Photos by Jamie Plain
Moss, who took over the business from his grandfather, Jessie Frakes, loves the idea of passing his business down to a family member, but says that is not feasible at this point. Instead, he plans to spread the word through a variety of channels – including trade magazines and local realtors, to find a person who wants to live in Owensboro and own and run a shoe repair shop. While Moss is willing to train and work with the next owner, he does not want to employ the person or own any of the business.

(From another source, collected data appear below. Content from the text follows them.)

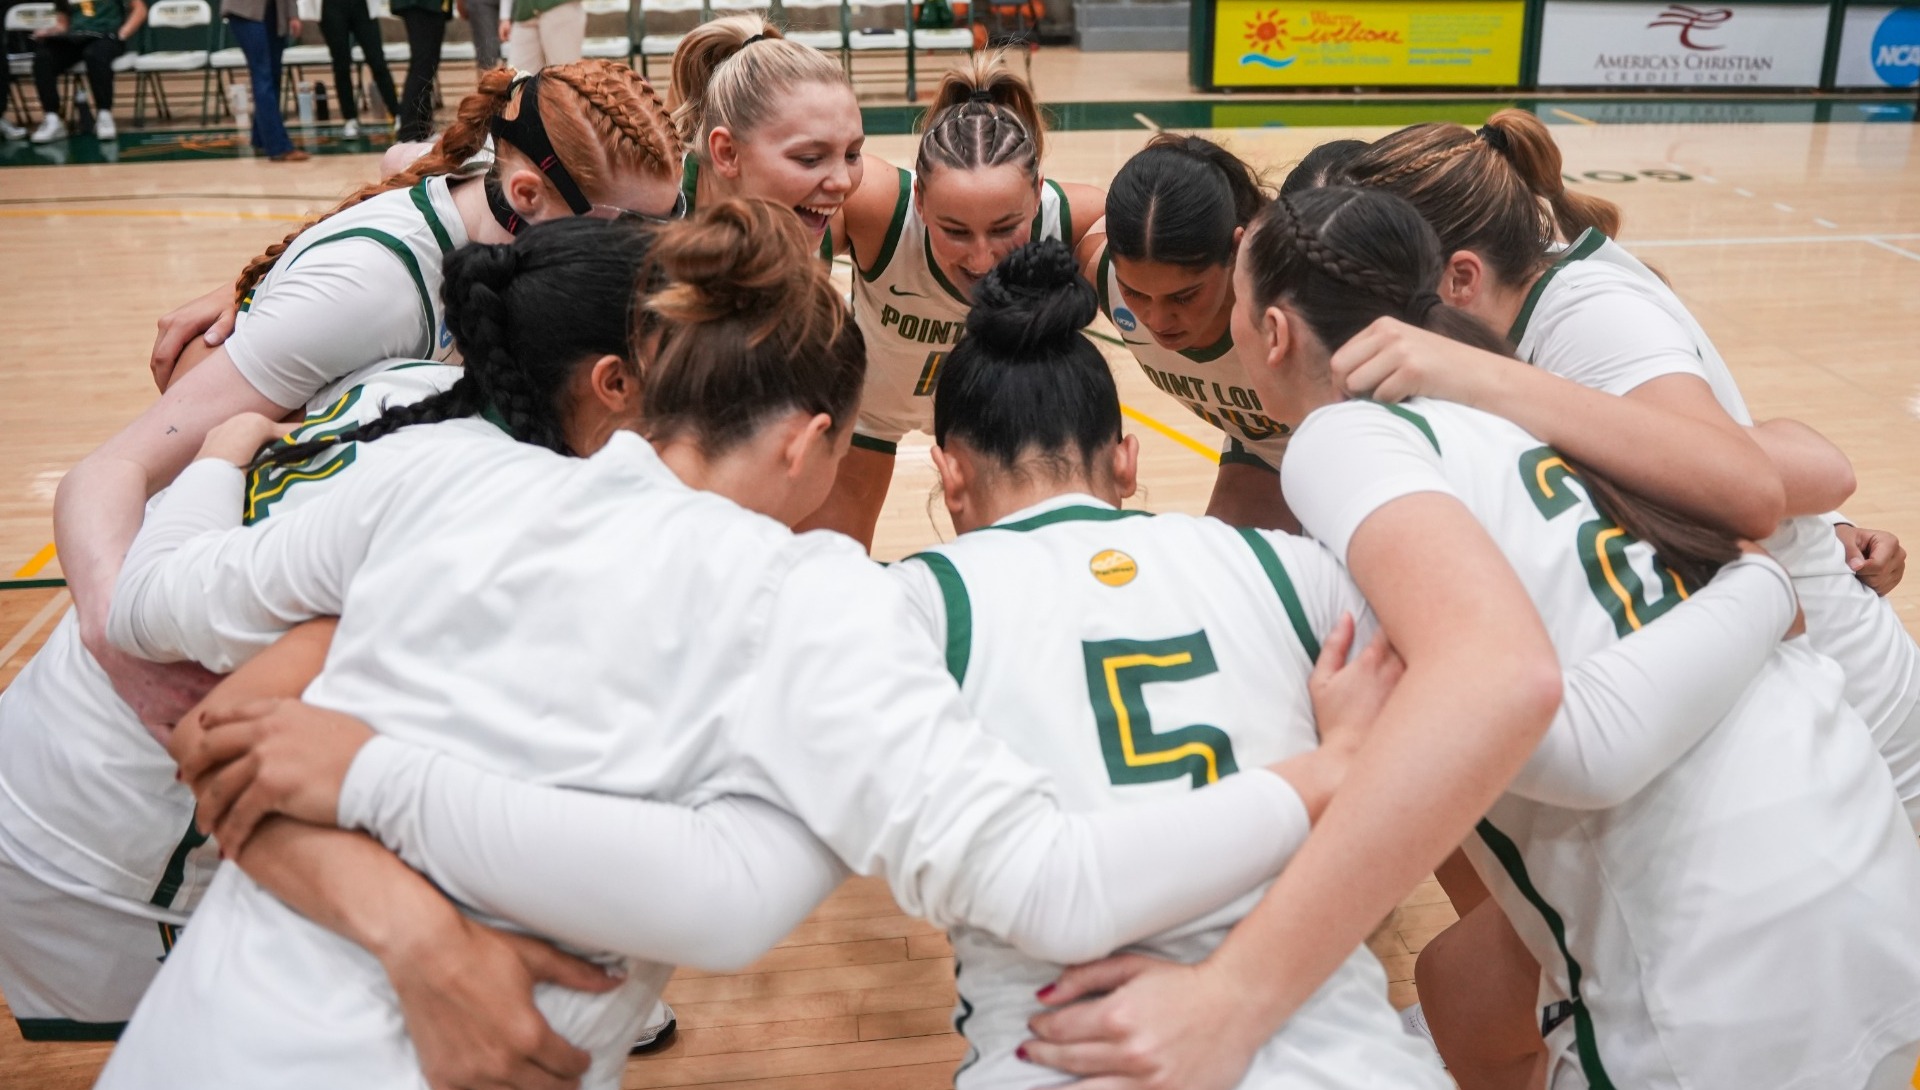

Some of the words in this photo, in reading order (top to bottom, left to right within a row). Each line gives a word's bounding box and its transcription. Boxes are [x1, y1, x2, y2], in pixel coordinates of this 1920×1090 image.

[1684, 54, 1774, 71] CHRISTIAN
[1605, 72, 1680, 83] CREDIT
[1694, 72, 1759, 83] UNION
[1081, 628, 1240, 790] 5
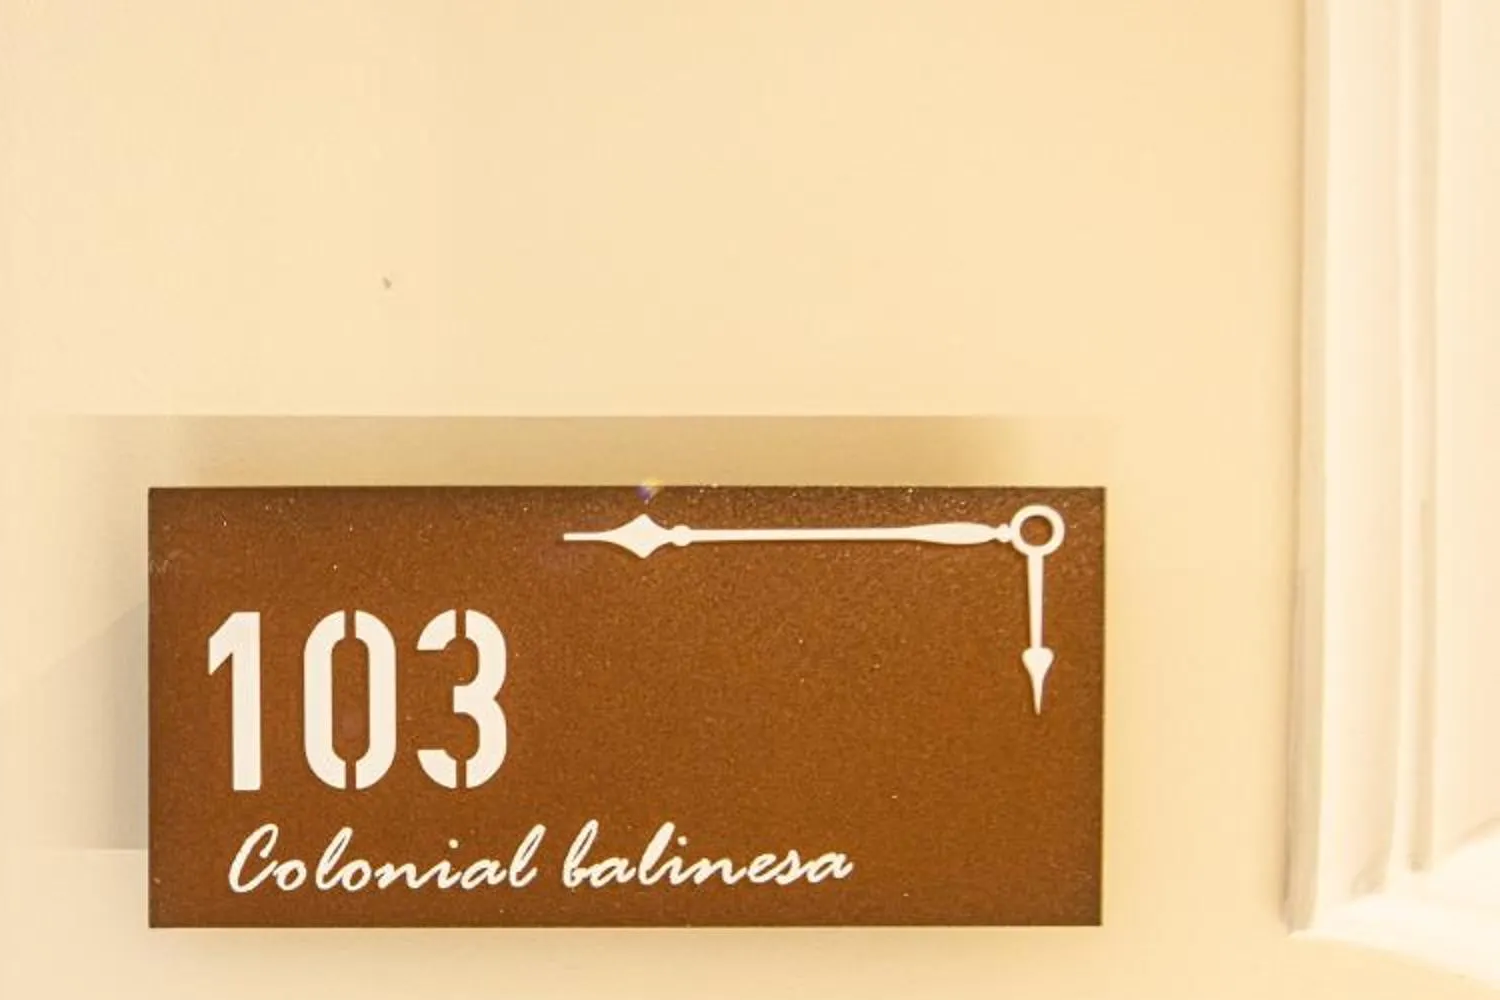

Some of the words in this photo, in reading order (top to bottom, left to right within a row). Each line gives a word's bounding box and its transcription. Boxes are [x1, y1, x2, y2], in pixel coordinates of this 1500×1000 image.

[208, 609, 508, 791] 103
[227, 823, 546, 893] Colonial
[562, 819, 853, 888] balinesa

Moss wants the next owner to purchase the shop before he trains them, so the new owner is personally invested in the endeavor. “Anybody can learn this trade,” he says, noting that the need is high and that is unlikely to change. After the passing of Don Raines, who owned the Shoe Hospital on 4th and Frederica for decades, and was more of a friend than competitor to Moss, Moss says he was so busy he literally couldn’t keep up. In the last 6 months, he has only opened his shop Mondays, Tuesdays, and Wednesday, 7 a.m. to 6 p.m. Though he works Thursday, Friday, and Saturday, as well. Closing the door to drop offs three days a week was the only way he could keep up with his work.

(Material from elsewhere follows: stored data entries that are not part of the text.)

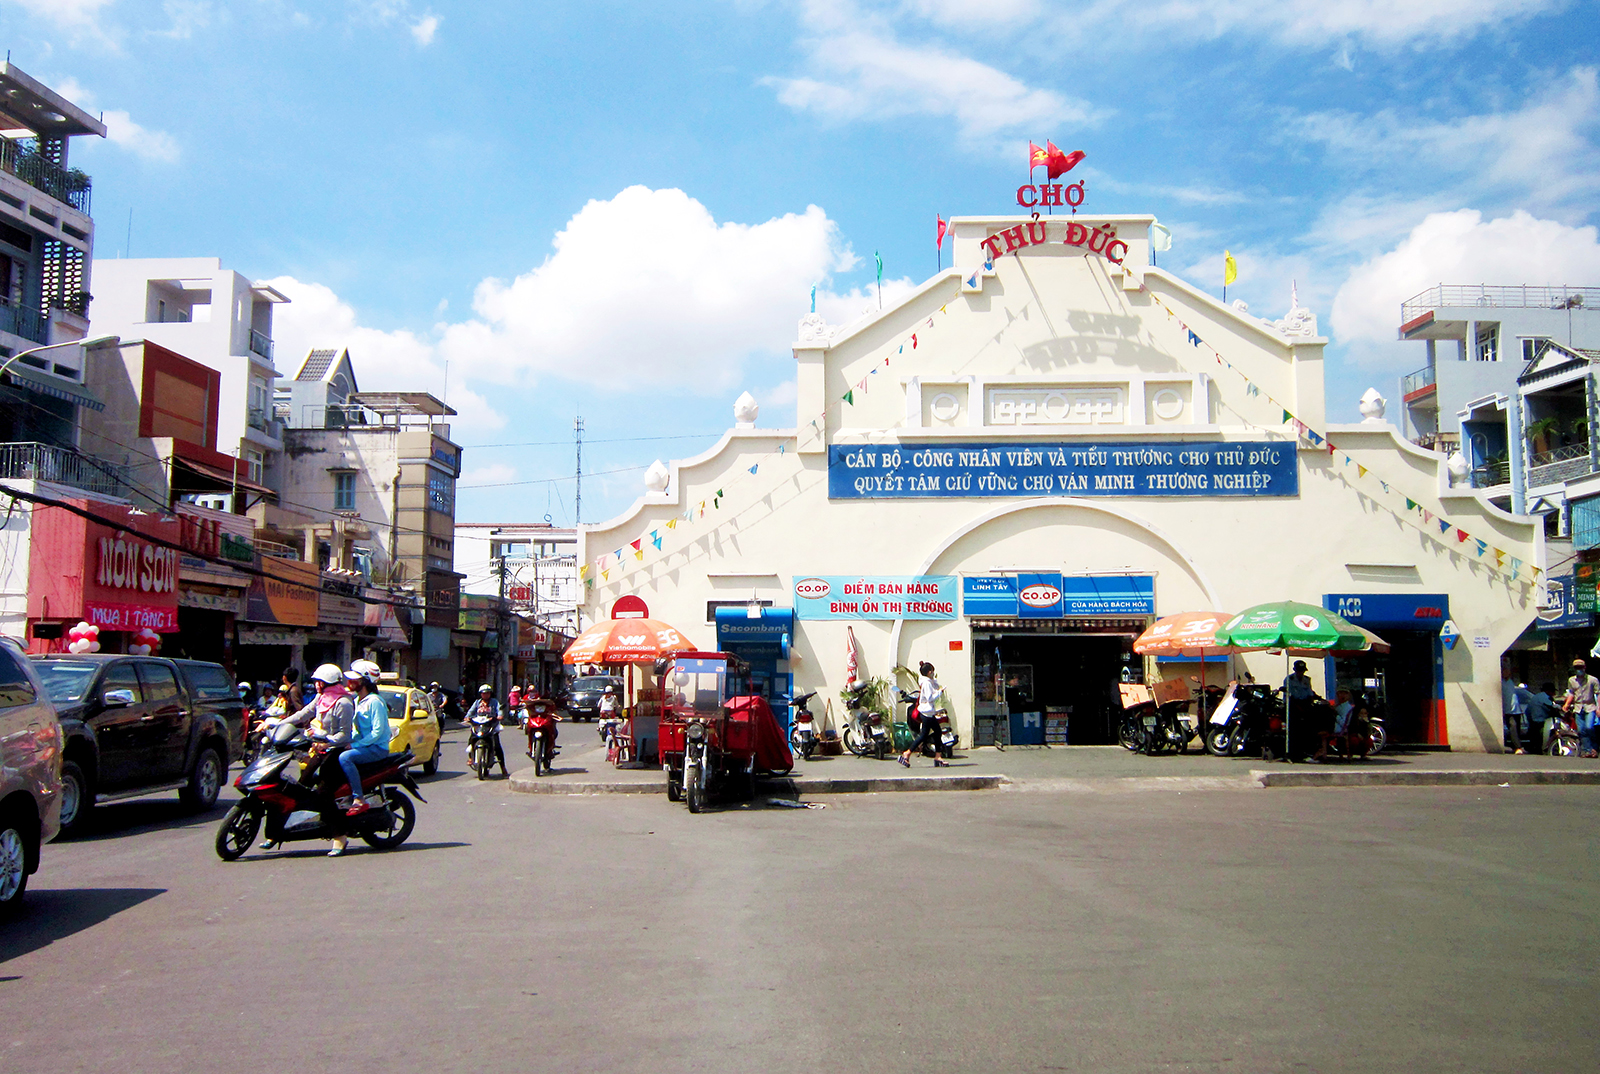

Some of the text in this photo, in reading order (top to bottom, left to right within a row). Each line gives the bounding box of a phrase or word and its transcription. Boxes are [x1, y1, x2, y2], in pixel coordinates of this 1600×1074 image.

[1016, 179, 1085, 213] CHỢ
[980, 212, 1129, 266] THỦ ĐỨC
[846, 448, 876, 468] CÁN
[882, 448, 902, 470] BỘ
[913, 448, 954, 468] CÔNG
[958, 448, 1001, 467] NHÂN
[1006, 447, 1043, 467] VIÊN
[1047, 447, 1067, 467] VÀ
[1072, 445, 1107, 467] TIỂU
[1112, 448, 1173, 466] THƯƠNG
[1214, 445, 1244, 466] THỦ
[1249, 446, 1281, 466] ĐỨC
[854, 469, 905, 495] QUYẾT
[908, 473, 941, 491] TÂM
[977, 471, 1018, 491] VỮNG
[1023, 473, 1054, 494] CHỢ
[1094, 475, 1135, 490] MINH
[1146, 471, 1209, 490] THƯƠNG
[1213, 470, 1272, 492] NGHIỆP
[98, 530, 140, 590] NÓN
[141, 544, 176, 593] SƠN
[267, 580, 285, 599] MAI
[285, 583, 317, 602] Fashion
[797, 585, 829, 593] CO.OP
[844, 578, 939, 595] ĐIỂM BÁN HÀNG
[993, 583, 1008, 591] TÂY
[1022, 591, 1059, 600] CO.OP
[830, 596, 953, 615] BÌNH ỔN THỊ TRƯỜNG
[1338, 598, 1362, 617] ACB
[1414, 607, 1443, 618] ATM
[92, 607, 121, 626] MUA
[720, 624, 788, 633] Sacombank
[1176, 618, 1218, 636] 3G
[657, 628, 680, 648] 3G

“I have great customers, and I love to talk,” Moss said. “Some people come by just to talk,” he added. The ebb and flow of customers varies, he says, but not a day goes by when the shop is open that he doesn’t get new customers. Moss requires payment before he does work on shoes and boots to avoid folks deciding not to pick up their newly redone shoes. He admits his work can feel costly, but most people are surprisingly attached to their favorite footwear. The statements he most often hears in justification of repairing shoes that may not have been expensive in the first place are, “they are just so comfortable,” and “I can’t find any others like them,” he says. Often, repairing shoes with a non-leather sole involves Moss’s least favorite process – glue jobs. ”I’d rather do anything than that,” he says. As far as the most well-made shoes he sees come in and out, Moss says dress shoes by Allen Edmonds are the finest as far as he’s concerned.
Anyone who has been a customer of Moss’s knows that when you get an item back from Terry Moss, it almost always comes to you with a Bible verse or inspirational poem tucked inside. After getting saved about ten years into owning the shop, he found himself wondering how he could glorify God through his business. He was inspired by a preacher he knew who handed out gospel tracks and decided to follow in his footsteps. Moss says he receives semi-regular feedback from people regarding his ministry. “Recently, a man texted that he received a Psalm in his shoe from me and he said, ‘I really needed that.’”
Moss says he has never had to advertise, which should be an appealing aspect for a prospective buyer. His location, across from the Farmers Market, has proved fruitful, and he says he has enjoyed seeing the area improve over the years. There’s no timetable on Moss’s departure, and he seems optimistic that the right buyer will come along. “I’m not going anywhere just yet,” he says, reiterating his promise to train the next owner. “Owensboro needs a full-service shoe and leather shop.”